何時もより若干テンションが高いアグネーゼと二人で中央広場へ行き、人間の露店と混じってエルフ、ドワーフ、人魚が出している出店や屋台を見つつ、東商店街へと足を運ぶ。
二人で海を見ながら歩き、昼には人魚の店へ行く。今日は流石にエルマン一家とアンネの姿はない。少し遅めの昼食を取った後、またのんびりと歩いて西商店街へ…… そこで噂になってい喫茶店に入って紅茶と菓子を注文すると、何か貰えるんじゃないかと妖精達が群がってきた。
あざと可愛い仕草で群がる妖精達を相手に、アグネーゼは楽しそうに顔を綻ばせる。
そろそろ日も沈み掛け、俺とアグネーゼは家に帰る為、南商店街を歩いていた。
「今日は本当に楽しかったです。ありがとございました」
「いや、こっちも楽しかったよ…… それと、何時もありがとう。アグネーゼには魔力収納内の事を任せっきりになってしまって、申し訳ないとは思うけど、どうしても甘えてしまう」
「いえ、私が好きでしている事ですから…… 」
ここで会話が途切れ、無言の時間が流れる。聞こえてくるのは周囲の雑多な声だけ。
何を思っているのか、アグネーゼは真剣な眼差しで前を向き歩いている。そんな横顔を何気無く見詰めていると、不意にアグネーゼが立ち止まり、少し追い越してしまった俺も止まって軽く振り向いた。
「どうした? 」
「ライル様、私は…… 役に立てていますか? 」
「えっ? そんなの―― 」
先の言葉が続かなかった。アグネーゼの不安と縋るような表情に、軽い気持ちで答えてはいけないと直感的にそう思った俺は、きちんとアグネーゼへと体を向ける。

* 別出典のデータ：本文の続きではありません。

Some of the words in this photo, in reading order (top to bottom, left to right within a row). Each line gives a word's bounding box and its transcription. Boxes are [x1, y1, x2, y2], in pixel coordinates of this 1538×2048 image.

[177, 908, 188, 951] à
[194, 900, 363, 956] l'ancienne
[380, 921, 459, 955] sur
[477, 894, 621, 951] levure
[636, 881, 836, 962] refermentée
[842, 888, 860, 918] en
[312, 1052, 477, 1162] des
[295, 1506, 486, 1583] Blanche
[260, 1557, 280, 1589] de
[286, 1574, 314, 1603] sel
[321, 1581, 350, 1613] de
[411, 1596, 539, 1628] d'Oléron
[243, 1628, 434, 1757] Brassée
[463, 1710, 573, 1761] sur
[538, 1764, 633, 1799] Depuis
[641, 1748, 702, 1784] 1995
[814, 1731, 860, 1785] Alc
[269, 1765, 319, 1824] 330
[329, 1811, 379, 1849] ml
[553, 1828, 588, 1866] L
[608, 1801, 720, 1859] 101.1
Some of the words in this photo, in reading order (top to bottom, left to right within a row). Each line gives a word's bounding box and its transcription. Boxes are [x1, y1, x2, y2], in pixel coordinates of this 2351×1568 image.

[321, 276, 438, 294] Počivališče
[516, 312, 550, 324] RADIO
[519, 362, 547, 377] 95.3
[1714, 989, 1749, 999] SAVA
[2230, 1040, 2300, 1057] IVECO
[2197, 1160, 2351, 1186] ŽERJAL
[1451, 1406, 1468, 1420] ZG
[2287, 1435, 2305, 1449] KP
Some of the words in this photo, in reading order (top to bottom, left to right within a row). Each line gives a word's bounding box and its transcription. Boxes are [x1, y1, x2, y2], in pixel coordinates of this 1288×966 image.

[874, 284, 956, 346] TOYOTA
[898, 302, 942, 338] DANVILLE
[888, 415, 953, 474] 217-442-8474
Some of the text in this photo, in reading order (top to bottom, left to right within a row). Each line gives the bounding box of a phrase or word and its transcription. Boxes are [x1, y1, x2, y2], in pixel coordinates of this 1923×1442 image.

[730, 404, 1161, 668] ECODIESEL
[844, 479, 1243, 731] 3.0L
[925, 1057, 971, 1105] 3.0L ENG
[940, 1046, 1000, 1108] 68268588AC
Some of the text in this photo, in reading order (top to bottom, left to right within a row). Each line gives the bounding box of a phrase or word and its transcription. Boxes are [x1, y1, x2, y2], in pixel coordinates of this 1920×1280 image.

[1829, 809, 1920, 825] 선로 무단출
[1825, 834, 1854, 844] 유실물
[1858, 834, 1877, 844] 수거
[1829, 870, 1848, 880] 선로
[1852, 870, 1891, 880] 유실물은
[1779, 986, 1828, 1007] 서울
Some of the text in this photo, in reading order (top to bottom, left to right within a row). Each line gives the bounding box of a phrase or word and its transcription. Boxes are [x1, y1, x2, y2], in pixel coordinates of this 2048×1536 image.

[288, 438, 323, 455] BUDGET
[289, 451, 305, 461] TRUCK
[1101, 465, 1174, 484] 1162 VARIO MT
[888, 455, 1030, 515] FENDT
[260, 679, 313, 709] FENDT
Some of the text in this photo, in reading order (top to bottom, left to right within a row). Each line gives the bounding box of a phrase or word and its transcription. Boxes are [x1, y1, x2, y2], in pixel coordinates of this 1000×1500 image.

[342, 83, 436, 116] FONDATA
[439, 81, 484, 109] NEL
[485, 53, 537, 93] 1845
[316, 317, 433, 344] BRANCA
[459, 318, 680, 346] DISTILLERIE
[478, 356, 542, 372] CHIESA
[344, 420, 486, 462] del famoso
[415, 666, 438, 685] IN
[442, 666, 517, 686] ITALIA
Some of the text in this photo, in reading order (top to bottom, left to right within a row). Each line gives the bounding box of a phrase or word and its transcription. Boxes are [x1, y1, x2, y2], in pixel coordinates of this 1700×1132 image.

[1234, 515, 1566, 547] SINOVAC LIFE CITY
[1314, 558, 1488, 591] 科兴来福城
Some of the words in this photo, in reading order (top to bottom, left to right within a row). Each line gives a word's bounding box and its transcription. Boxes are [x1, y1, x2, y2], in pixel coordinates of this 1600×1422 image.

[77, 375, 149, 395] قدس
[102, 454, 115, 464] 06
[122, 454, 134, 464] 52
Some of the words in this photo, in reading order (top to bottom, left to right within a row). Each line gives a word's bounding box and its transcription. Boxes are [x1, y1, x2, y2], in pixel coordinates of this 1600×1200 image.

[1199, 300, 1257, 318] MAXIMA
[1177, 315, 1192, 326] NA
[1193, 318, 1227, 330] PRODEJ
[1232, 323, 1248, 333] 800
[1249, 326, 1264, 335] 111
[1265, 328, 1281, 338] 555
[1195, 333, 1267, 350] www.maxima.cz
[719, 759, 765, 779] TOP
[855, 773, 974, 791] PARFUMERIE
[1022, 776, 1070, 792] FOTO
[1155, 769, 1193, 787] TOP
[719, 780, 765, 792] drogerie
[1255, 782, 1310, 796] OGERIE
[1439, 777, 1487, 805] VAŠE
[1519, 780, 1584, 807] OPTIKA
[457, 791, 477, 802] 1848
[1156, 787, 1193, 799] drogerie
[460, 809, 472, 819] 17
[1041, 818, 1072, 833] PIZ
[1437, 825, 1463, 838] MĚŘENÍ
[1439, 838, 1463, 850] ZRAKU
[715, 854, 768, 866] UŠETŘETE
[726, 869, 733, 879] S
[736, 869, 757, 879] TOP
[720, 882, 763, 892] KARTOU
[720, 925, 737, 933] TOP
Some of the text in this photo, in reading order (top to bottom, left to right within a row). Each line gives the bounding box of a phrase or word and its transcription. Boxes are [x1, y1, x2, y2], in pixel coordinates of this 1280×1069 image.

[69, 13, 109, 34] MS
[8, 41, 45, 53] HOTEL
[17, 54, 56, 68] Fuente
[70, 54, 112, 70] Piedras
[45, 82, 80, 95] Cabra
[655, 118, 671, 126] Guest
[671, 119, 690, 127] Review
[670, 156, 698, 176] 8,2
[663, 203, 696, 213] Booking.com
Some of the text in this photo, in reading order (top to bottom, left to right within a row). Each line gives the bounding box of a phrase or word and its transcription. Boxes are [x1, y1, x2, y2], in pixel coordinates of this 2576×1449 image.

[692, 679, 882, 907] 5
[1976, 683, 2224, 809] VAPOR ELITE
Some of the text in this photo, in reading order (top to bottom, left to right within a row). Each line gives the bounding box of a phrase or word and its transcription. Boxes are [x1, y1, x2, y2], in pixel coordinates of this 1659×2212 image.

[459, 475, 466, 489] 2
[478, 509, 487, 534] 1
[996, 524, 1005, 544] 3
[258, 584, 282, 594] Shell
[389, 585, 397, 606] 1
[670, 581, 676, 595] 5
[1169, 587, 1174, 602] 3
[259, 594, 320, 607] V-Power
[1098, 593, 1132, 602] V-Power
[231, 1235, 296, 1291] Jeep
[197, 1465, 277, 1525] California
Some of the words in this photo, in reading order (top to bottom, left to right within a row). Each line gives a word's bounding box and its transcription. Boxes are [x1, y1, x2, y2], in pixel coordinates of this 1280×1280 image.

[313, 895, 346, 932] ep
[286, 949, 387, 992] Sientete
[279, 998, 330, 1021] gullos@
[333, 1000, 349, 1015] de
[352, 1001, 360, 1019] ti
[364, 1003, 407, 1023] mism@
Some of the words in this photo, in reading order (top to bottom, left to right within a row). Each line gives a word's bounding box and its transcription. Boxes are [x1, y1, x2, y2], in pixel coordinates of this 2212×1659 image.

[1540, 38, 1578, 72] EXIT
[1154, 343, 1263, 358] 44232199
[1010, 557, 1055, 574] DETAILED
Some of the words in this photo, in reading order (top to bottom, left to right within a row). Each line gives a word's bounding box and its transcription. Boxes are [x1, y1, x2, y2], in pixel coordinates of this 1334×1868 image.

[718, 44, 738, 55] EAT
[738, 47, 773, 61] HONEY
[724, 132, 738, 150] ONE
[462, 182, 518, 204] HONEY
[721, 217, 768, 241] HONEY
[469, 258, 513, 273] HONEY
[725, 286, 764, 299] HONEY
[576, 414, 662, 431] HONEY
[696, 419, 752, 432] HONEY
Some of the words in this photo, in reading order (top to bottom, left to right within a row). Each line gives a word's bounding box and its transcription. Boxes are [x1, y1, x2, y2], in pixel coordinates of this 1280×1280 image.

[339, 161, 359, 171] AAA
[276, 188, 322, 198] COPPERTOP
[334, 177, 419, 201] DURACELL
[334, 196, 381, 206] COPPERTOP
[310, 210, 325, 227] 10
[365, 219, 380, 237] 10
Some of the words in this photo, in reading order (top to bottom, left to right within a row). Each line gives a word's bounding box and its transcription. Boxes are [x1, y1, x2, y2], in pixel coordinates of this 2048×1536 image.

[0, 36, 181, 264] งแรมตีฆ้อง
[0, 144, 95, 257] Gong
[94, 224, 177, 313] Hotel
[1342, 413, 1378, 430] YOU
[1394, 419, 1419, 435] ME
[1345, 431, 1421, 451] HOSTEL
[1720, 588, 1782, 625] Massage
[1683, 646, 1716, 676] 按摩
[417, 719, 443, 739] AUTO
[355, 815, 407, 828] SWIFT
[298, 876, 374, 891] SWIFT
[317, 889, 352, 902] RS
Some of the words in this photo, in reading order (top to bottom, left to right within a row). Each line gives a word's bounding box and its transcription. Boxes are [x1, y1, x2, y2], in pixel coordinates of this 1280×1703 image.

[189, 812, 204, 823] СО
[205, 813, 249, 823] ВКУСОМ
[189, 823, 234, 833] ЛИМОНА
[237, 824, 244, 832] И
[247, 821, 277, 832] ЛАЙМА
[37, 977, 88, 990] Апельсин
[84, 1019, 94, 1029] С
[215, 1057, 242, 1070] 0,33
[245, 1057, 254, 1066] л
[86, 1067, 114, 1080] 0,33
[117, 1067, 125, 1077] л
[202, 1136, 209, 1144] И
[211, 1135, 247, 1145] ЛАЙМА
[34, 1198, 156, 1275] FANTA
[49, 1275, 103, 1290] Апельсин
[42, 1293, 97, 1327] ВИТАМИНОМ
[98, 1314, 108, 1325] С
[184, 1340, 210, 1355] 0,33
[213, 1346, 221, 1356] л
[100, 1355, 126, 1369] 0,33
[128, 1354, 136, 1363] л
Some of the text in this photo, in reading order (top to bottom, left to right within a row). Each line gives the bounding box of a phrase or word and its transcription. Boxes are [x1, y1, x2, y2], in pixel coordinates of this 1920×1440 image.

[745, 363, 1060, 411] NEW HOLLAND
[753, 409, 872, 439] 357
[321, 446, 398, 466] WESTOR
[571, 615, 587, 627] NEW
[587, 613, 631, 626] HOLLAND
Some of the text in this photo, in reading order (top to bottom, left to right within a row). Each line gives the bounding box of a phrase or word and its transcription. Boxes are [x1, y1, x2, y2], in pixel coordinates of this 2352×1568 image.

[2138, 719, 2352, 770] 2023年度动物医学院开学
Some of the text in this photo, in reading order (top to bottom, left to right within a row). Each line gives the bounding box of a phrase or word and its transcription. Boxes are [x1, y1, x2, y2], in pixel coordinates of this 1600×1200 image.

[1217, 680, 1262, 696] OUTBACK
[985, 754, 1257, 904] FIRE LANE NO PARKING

「実を言うとさ、俺は自分の立場を利用してアグネーゼの自由を縛っているんじゃないかと思う時があるんだ。だから、アグネーゼが何か別にしたい事が出来たなら応援しようと決めている。でも正直、アグネーゼがいなくなったら魔力収納内にいる者達の世話で大変になるし、出来るだけ長く此処にいて欲しいと思う。それくらいアグネーゼは俺にとって必要な存在だよ」
俺の言葉を噛み締めるように目を閉じるアグネーゼが、静かに口を開いた。
「…… この様に気を遣って頂き、そして私の問いにも真剣に答えて下さり、ありがとうございます。私の役目はライル様の補佐をすること。それが使命であり生き甲斐でもあります。これ以上の望む事などありはしません。ライル様の為に尽力致す次第でございます。ですから、これからもどうかよろしくお願い致します」
そう言って下げた頭を上げた時には、何時もの穏やかな表情に戻っていた。
アグネーゼの不安が解消されたのかは分からない。でも、隣で満足そうに歩く彼女を見て、今はそれで良いかと共に家に帰った。